The BJP has not done so badly if we glance through its overall weaknesses. The Left, while supporting the UPA government from outside, took full advantage of a ruling ally. At the same time, it acted as a real opposition. BJP, on the other hand, did not avail that opportunity; it failed to work as credible opposition during last five years. It also compromised its agenda so much so that it became a replica of Congress. The leadership was divided to the extent that it gave the impression of working against itself. The emphasis on policies and programmes fluctuated. There was an impression, many a times, of the Vajpeyization of Advaniji. Many of NDA’s allies deserted midway or at the election eve, as BJD did. One hopes, JD(U) will not do the same next time. In brief it indulged in negatives and failed to project an alternative political agenda. The BJP leadership, at a time, is arrogant; it ignores its cadres. Its organizational base is weak in many states and non-existent in many others and the party continues to ignore the fact. It tries to cover up its weaknesses by seeking strength from its allies.

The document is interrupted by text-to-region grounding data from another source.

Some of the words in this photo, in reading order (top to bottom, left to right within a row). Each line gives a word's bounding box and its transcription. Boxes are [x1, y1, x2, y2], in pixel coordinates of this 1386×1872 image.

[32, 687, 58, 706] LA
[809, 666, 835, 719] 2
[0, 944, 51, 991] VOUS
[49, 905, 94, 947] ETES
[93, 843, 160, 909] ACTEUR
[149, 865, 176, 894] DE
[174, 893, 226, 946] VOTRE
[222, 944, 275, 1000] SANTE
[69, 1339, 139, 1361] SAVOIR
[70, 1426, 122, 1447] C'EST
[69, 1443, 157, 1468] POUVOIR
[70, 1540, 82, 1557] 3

None can deny that the Congress in Assam and the CPI(M) in West Bengal were responsible for the settlement of illegal aliens from Bangladesh. BJP, when there was opportunity to act, played rhetoric. The party lacks self-confidence. Even while taking a perfectly secular stand, e.g. in case of ‘common civil code’ and on ‘Article 370’, it continued to waver repeatedly and wanted certificate from those who themselves are involved deeply in the non-secular competitive politics of vote-bank.

In people’s perception, Manmohan Singh is a likeable and respectable Prime Minster due to his integrity, modesty, simplicity and scholarship. His working in unison with his party president is an additional quality and not his weakness. Thus Advaniji attacking Manmohan Singh as the weakest prime minister seemed an unjustified statement.

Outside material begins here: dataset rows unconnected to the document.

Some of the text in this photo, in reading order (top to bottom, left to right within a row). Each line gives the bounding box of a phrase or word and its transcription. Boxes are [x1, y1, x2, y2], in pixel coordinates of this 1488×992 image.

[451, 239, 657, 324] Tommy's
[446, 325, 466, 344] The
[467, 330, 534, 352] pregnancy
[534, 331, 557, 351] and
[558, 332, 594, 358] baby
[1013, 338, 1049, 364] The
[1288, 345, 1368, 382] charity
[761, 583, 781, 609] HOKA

The Left projected Mayawati as its Prime Ministerial candidate. The BSP declared pre-elections that it would be with a non-Congress, non-BJP combination. The same was the case with JD(S). But as soon as the results were out, Mayawati dumped defeated Karat for winner Congress. JD(S) also gave unsolicited support to the Congress. As a result, even CPI(M) admitted the third front to be a failure. While both BSP and JD(S) ditched the Left and decided to support UPA, TRS even did not wait for the election results to come out and joined NDA. Others giving unsolicited support to the UPA were: BSP (21 MPs), RJD (4 MPs), Bodo People’s Front, Nagaland People’s Front, Sikkim Democratic Front, AUDF of Assam and Independents (4MPs). Thus, total supporting MPs became 323. Of late, even BJD of Patnaik has also declared issue-based support to the government. This change in the attitude of the parties has only come due to unexpected success of the Congress and its allies. Otherwise, the scenario was to be just the opposite.

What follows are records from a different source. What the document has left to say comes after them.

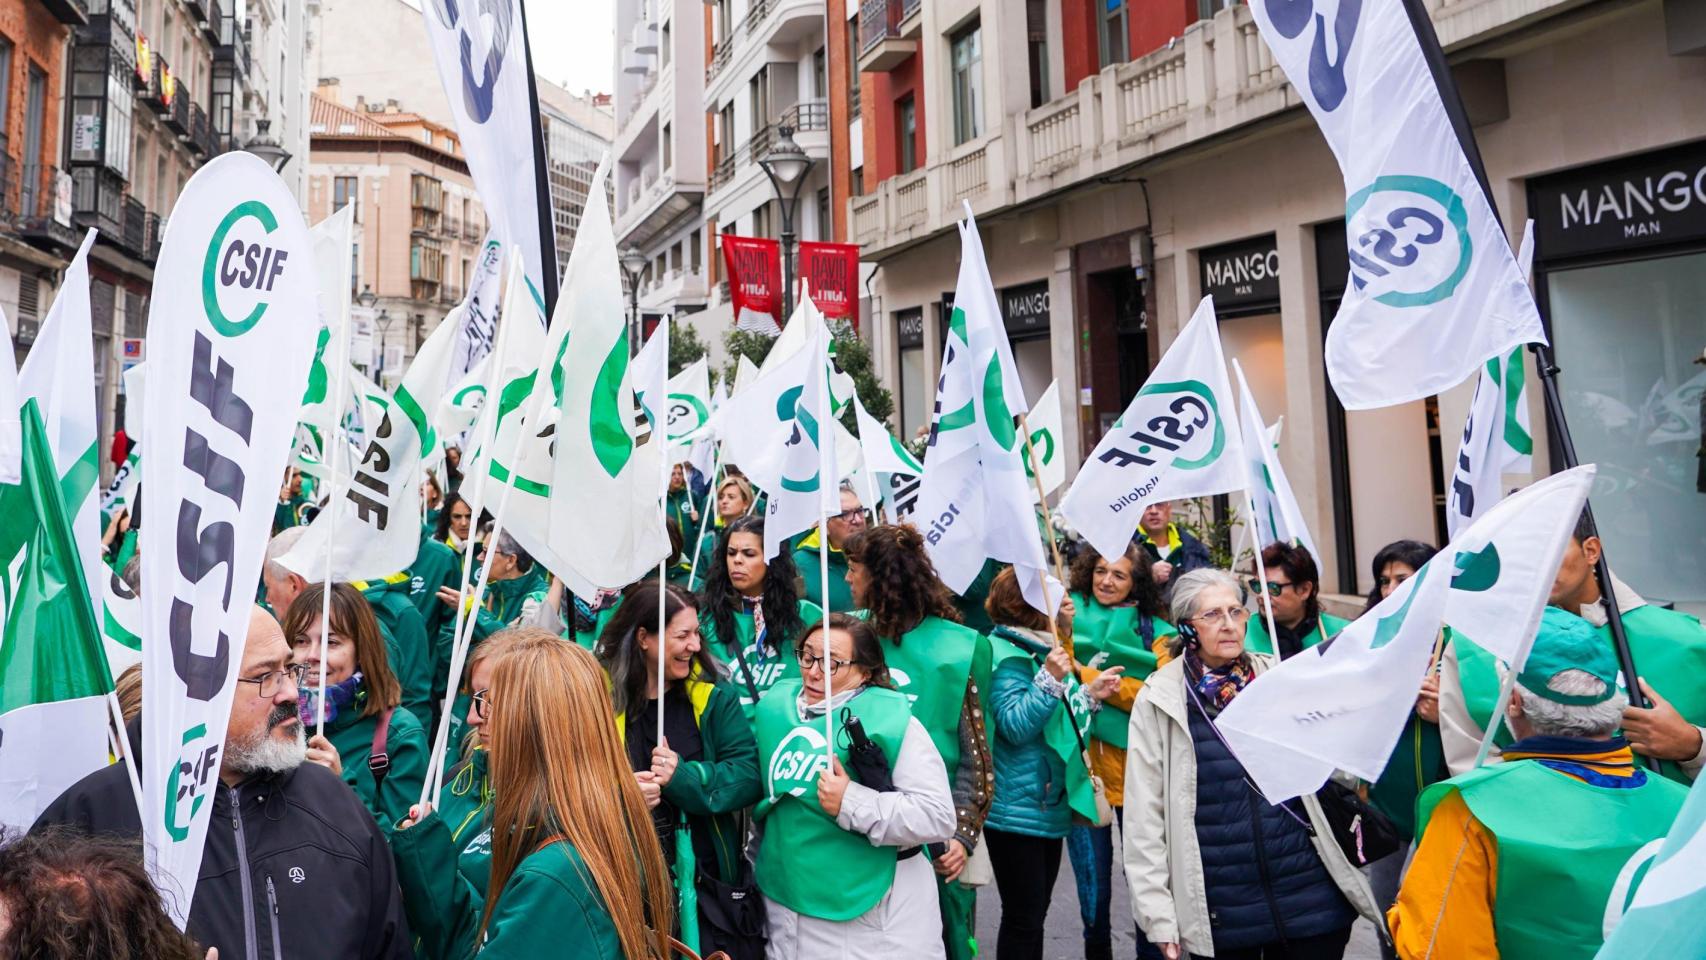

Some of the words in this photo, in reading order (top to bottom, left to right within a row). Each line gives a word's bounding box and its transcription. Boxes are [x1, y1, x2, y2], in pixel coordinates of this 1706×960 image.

[1624, 221, 1660, 238] MAN
[220, 239, 288, 291] CSIF
[733, 249, 769, 273] DAVID
[811, 255, 847, 279] DAVID
[1206, 249, 1280, 287] MANGO
[1234, 285, 1252, 296] MAN
[900, 316, 923, 335] MANG
[169, 329, 254, 702] CSIF
[735, 663, 786, 686] CSIF
[774, 750, 828, 782] CSIF

As for the Fourth Front, it took hardly two days for the “fourth Front” to crumble after the verdict. Their three leaders started talking only for themselves and not for the collectivity. After electoral debacle the doctrine of ‘collective leadership’ has given way to blame game in CPM. This clearly shows how fluid and unprincipled were the combinations.

 The verdict constitutes the worst electoral debacle for the CPI(M) after its formation in 1964 after the split of CPI due to so called revisionism. It won 19 seats in 1967 elections against 15 of the present one. With 15 seats as against 35 earlier, the CPI(M) is cut to size. The Left‘s strength has been reduced from 62 to 24. The destabilizing role of the Left, and its obsessive anti-Americanism is costing India heavily; its helping the cause of foreign countries at the cost of India, violence of the CPI(M) in Nandigram and Singur, tenacious flight against its policies and programmes by Mamata Baneji, Congress joining Mamata in the electoral battle and shift of the Muslim vote-bank cost the Left especially the CPI(M) heavily.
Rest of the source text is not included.